I have always felt a great catharsis in watching films that include body horror and transforming bodies as a trans person as the lack of queer culture at my disposal as a teen meant it was the closest thing to actually exploring the emotional space of what it means to change your own body. Films like the Thing, the Fly and the Alien franchise with its HR Geiger aesthetic influences. The subversion of clear male/female dichotomy falls away in the design of the xenomorph and in Geiger’s work more broadly, the dichotomy between organic and artificial.
Now, most body horror looks at all this with a negative slant. Its horror in the end, it’s meant to be disturbing, but as a trans person, it felt liberating. So, in turn my vessels give me a way of twisting this around, making the body transformation into something attractive and desirable. Horror is in the eye of the beholder and if you find trans bodies horrific that lies with you, to me they are the most powerful statement to overcoming body horror, not in any way horrific in itself
We, as trans people, have a lot of experience with our bodies being seen as monstrous. Whether that is in our own mind as we are plagued by thoughts and feelings of gender dysphoria or wider society tells us our transitioning bodies are gross and undesirable. It is our job to overcome these views on trans bodies, especially our own bodies. It is only after I more or less ‘finished’ all the big steps of my transition and I cut myself loose from the medicalisation of my transition have I been able to reflect on transition and how profound it is and how the experience of enjoying my transition had been denied by doctors and society.

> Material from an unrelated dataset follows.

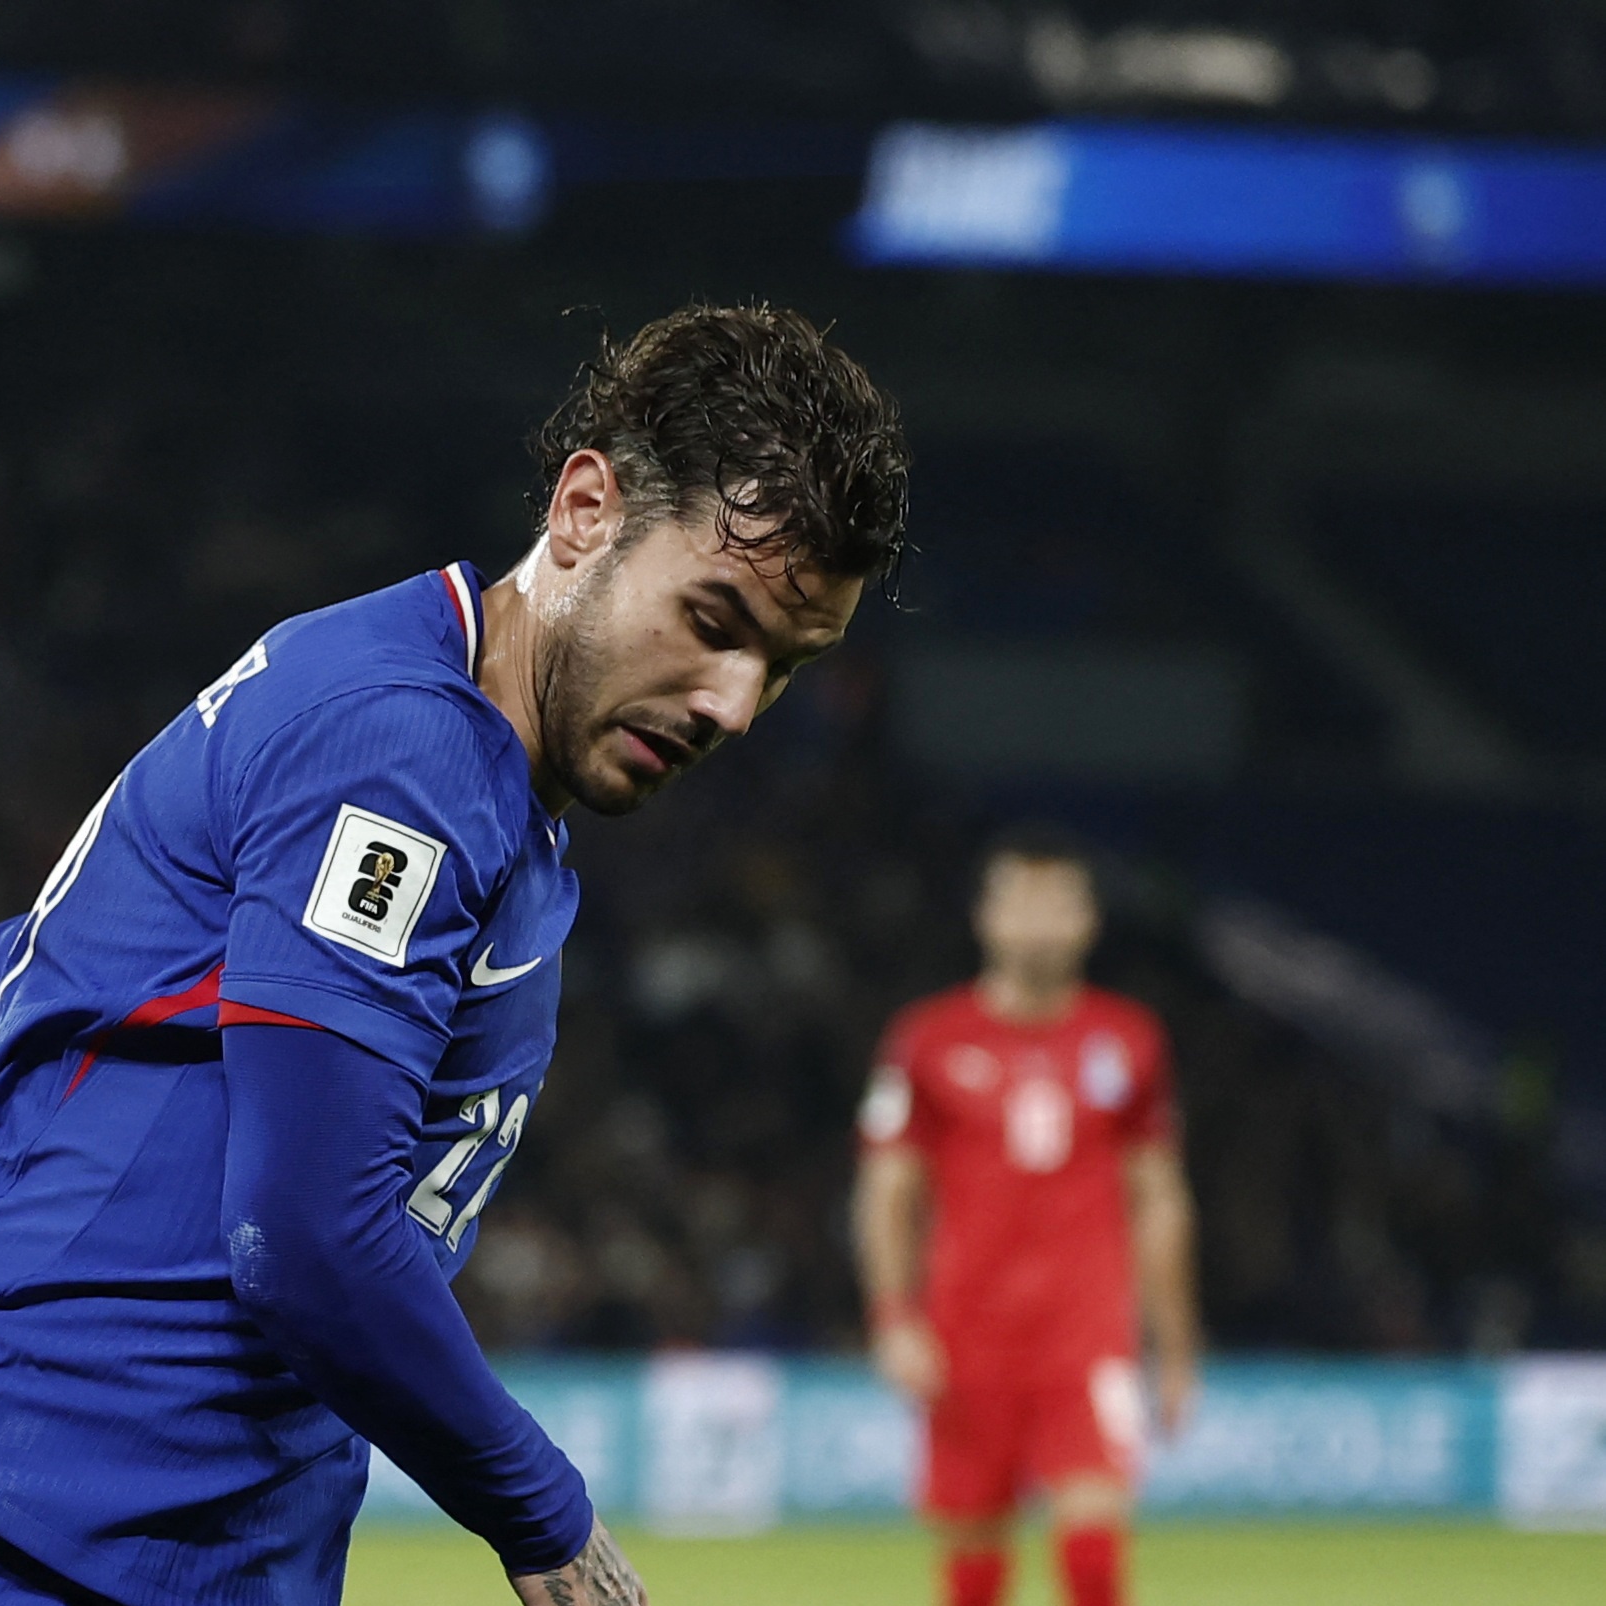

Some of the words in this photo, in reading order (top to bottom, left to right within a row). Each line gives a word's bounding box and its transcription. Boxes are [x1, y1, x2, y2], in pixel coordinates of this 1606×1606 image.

[359, 898, 379, 915] FIFA
[341, 911, 382, 934] QUALIFIERS
[406, 1086, 529, 1254] 22

Transition is a powerful and profound experience. To go from hating your body to taking control over it and steering it into the shape you desire ought to be an empowering experience. Unfortunately, our society and medical gatekeeping makes transition something you have to fight for yet have to feel ashamed about. Yes, trans bodies are different, but that does not make them something to be pitied, it makes them something to celebrate and take pride in.
My lively little critters I create in my studio are my expression of beauty and power in transition. To challenge viewers to think beyond what was thought possible and to see beauty in transformation and what at first glance may be strange and different.
Loved reading this, appreciate you taking the time to write it. Would love to buy a leggy pot someday, but I would just worry about it the entire time it flew from the UK to the US.
Love love love this! The connection between transness and genres like horror / sci-fi / fantasy resonates really deeply for me, and I’m amazed by how you can articulate this feeling in both words and art. Also it reminds me of this awesome trans sci-fi anthology called Meanwhile, Elsewhere, I highly recommend it!